◆ Working data:
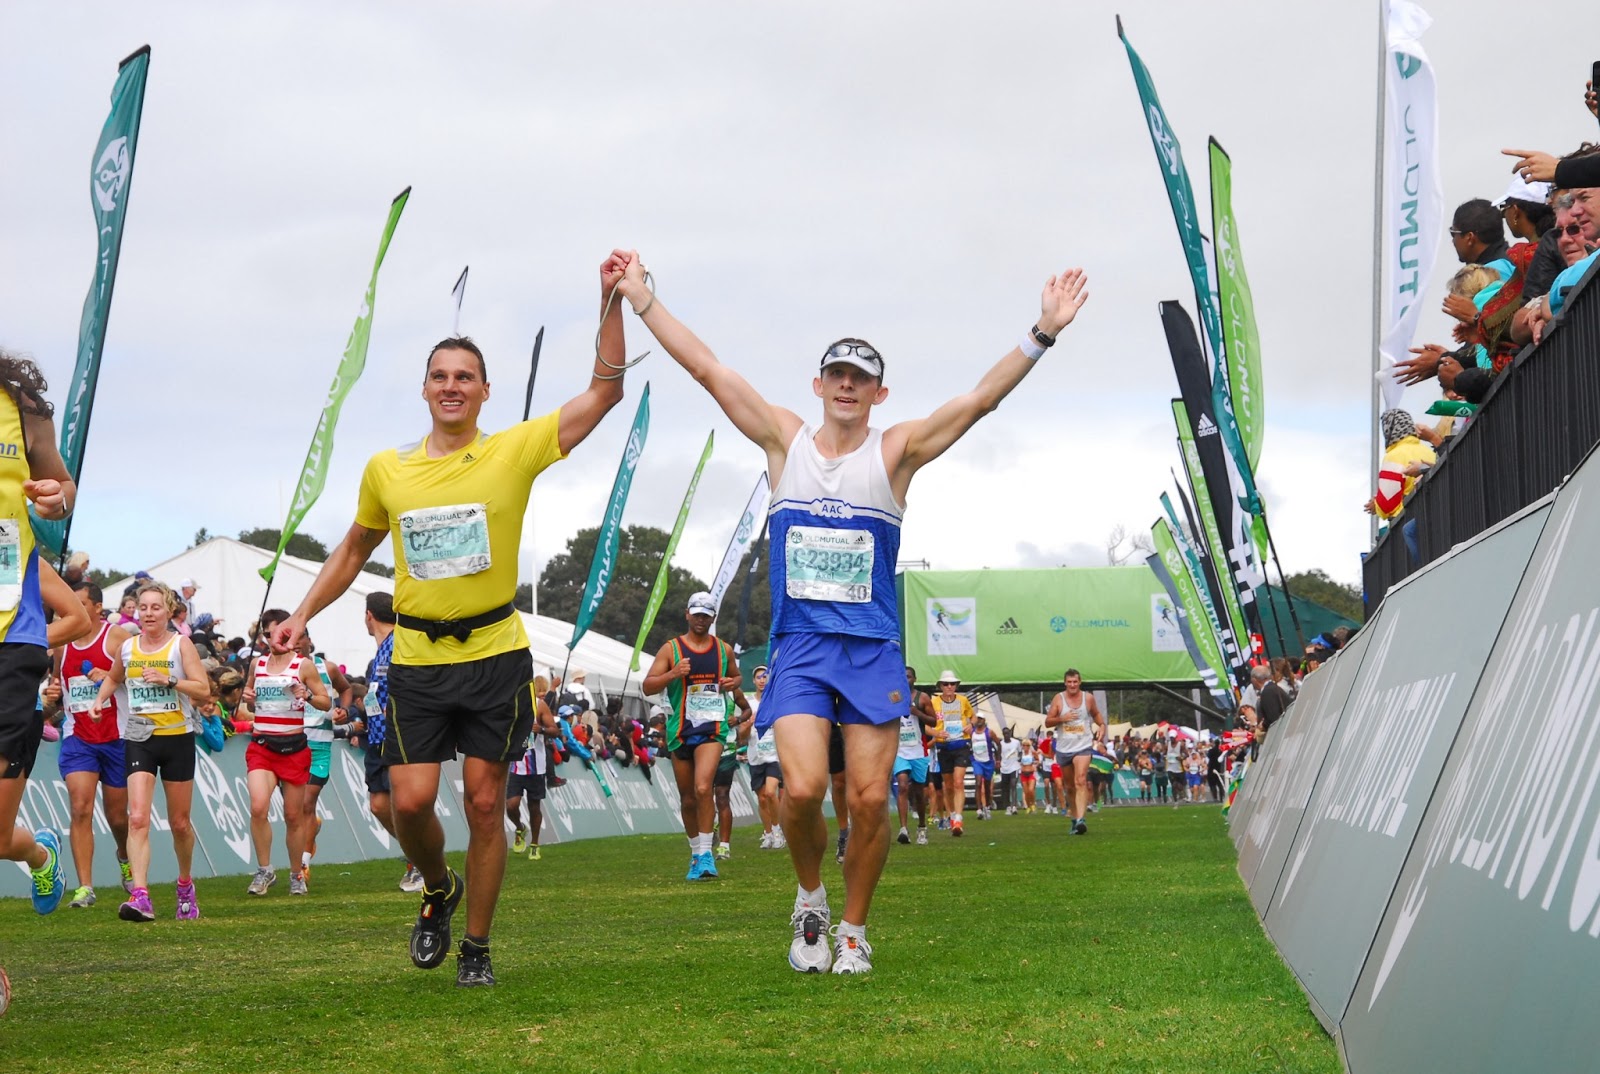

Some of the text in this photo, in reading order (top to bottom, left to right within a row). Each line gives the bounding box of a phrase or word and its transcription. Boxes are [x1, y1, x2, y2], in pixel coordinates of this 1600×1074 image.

[822, 504, 843, 514] AAC
[415, 512, 462, 523] OLDMUTUAL
[804, 535, 850, 545] OLDMUTUAL
[792, 548, 865, 573] C23934
[846, 584, 868, 601] 40
[1070, 619, 1130, 628] OLDMUTUAL
[257, 687, 286, 697] D3025
[163, 702, 177, 710] 40
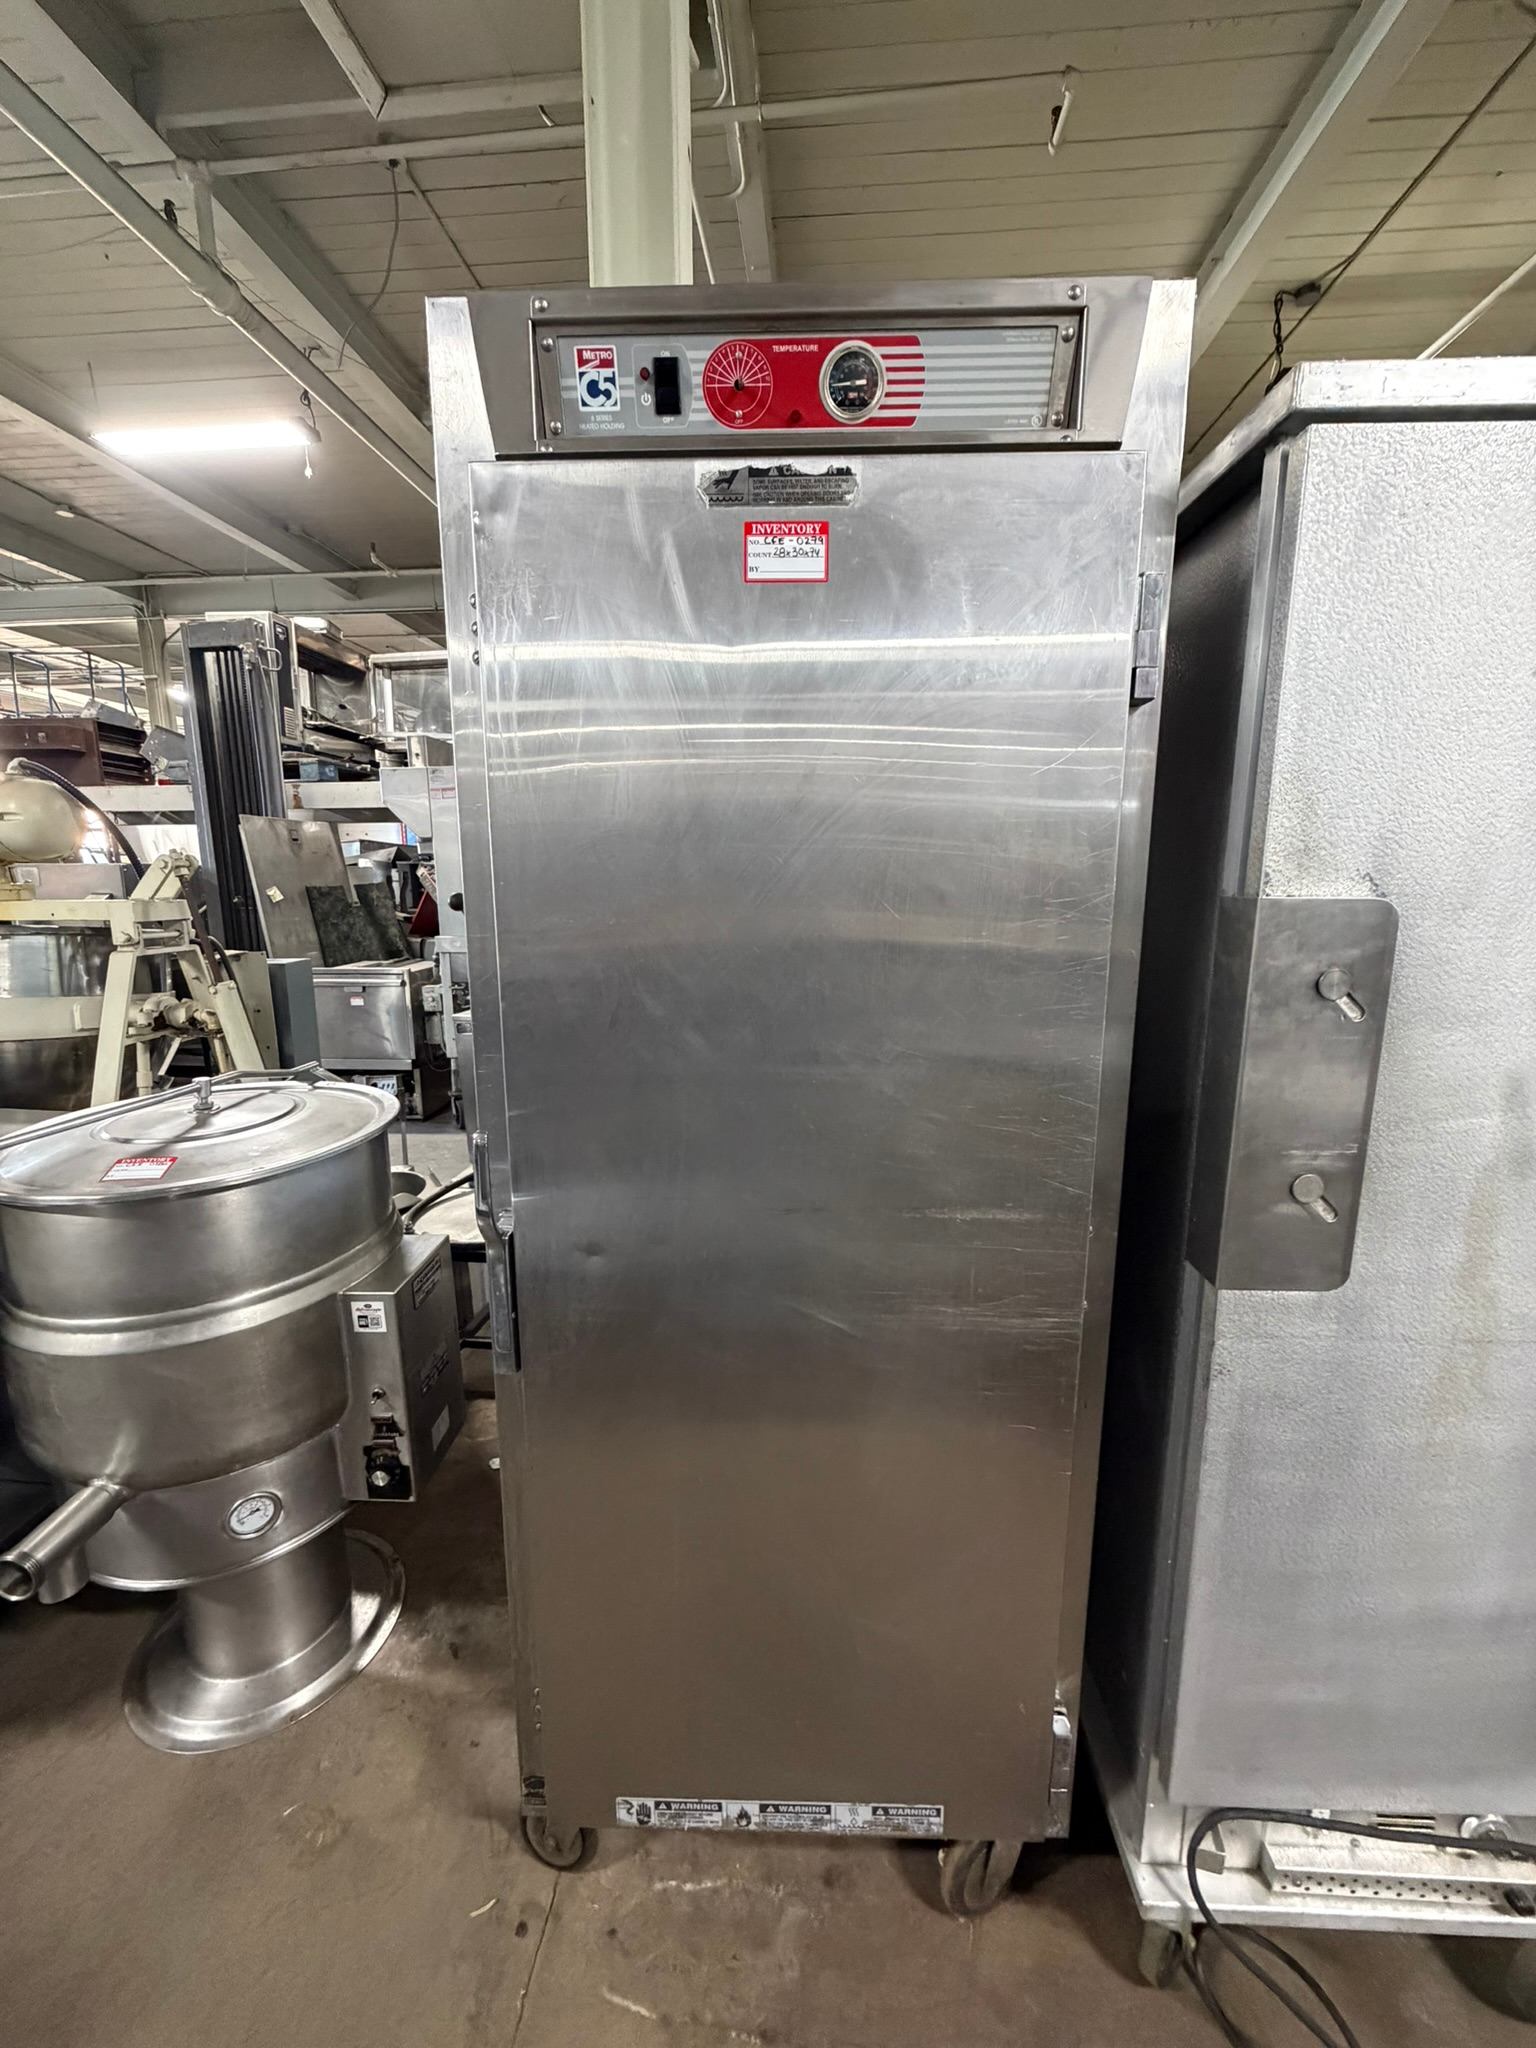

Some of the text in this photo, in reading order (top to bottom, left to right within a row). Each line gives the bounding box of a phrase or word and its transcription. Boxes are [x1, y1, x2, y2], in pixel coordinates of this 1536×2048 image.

[772, 344, 819, 353] TEMPERATURE
[582, 349, 613, 361] METRO
[579, 369, 617, 408] C5
[751, 523, 822, 534] INVENTORY
[748, 565, 760, 573] BY
[671, 1802, 719, 1811] WARNING
[779, 1804, 827, 1813] WARNING
[888, 1808, 937, 1816] WARNING

◆ Exercise directions: The records above must be retyped exactly. Please omit the pictures.

◆ Task result:
Some of the text in this photo, in reading order (top to bottom, left to right within a row). Each line gives the bounding box of a phrase or word and its transcription. Boxes are [x1, y1, x2, y2], in pixel coordinates of this 1600×1074 image.

[822, 504, 843, 514] AAC
[415, 512, 462, 523] OLDMUTUAL
[804, 535, 850, 545] OLDMUTUAL
[792, 548, 865, 573] C23934
[846, 584, 868, 601] 40
[1070, 619, 1130, 628] OLDMUTUAL
[257, 687, 286, 697] D3025
[163, 702, 177, 710] 40

Some of the text in this photo, in reading order (top to bottom, left to right within a row). Each line gives the bounding box of a phrase or word and its transcription. Boxes are [x1, y1, x2, y2], in pixel coordinates of this 1536×2048 image.

[772, 344, 819, 353] TEMPERATURE
[582, 349, 613, 361] METRO
[579, 369, 617, 408] C5
[751, 523, 822, 534] INVENTORY
[748, 565, 760, 573] BY
[671, 1802, 719, 1811] WARNING
[779, 1804, 827, 1813] WARNING
[888, 1808, 937, 1816] WARNING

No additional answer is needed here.